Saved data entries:

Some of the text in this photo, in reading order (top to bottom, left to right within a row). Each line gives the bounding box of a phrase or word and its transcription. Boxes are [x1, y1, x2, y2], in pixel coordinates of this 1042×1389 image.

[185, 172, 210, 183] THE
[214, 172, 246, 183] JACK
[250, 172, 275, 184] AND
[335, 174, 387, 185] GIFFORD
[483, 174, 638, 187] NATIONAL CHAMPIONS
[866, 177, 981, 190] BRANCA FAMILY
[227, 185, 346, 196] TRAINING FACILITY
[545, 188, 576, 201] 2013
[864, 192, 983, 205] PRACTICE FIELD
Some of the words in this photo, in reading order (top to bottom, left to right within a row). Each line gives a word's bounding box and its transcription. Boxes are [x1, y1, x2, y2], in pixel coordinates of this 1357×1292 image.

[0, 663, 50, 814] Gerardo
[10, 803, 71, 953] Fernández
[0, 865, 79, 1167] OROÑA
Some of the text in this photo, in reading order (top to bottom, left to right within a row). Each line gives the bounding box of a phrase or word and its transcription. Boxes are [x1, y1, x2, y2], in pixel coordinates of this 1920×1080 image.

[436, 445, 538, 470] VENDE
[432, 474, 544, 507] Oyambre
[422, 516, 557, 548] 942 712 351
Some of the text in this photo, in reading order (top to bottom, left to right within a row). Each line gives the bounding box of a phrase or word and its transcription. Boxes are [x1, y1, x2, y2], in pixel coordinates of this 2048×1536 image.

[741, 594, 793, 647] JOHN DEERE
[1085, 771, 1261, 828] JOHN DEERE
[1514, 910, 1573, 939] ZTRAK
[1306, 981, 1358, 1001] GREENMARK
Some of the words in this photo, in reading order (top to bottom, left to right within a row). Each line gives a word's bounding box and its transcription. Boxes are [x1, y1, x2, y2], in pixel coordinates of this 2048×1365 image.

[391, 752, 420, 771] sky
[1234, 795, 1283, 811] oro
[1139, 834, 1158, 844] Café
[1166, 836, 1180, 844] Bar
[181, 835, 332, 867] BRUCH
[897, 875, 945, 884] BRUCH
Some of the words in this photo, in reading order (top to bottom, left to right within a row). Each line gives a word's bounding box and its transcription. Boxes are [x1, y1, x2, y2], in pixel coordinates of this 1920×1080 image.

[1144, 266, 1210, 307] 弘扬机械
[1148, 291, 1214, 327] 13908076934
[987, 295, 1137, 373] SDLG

- _What to work on_:
Return the lines from the line containing "this 2048×1365 image." to the end of the entries above, exactly as they appear and with no other output.

- _The answer_:
Some of the words in this photo, in reading order (top to bottom, left to right within a row). Each line gives a word's bounding box and its transcription. Boxes are [x1, y1, x2, y2], in pixel coordinates of this 2048×1365 image.

[391, 752, 420, 771] sky
[1234, 795, 1283, 811] oro
[1139, 834, 1158, 844] Café
[1166, 836, 1180, 844] Bar
[181, 835, 332, 867] BRUCH
[897, 875, 945, 884] BRUCH
Some of the words in this photo, in reading order (top to bottom, left to right within a row). Each line gives a word's bounding box and its transcription. Boxes are [x1, y1, x2, y2], in pixel coordinates of this 1920×1080 image.

[1144, 266, 1210, 307] 弘扬机械
[1148, 291, 1214, 327] 13908076934
[987, 295, 1137, 373] SDLG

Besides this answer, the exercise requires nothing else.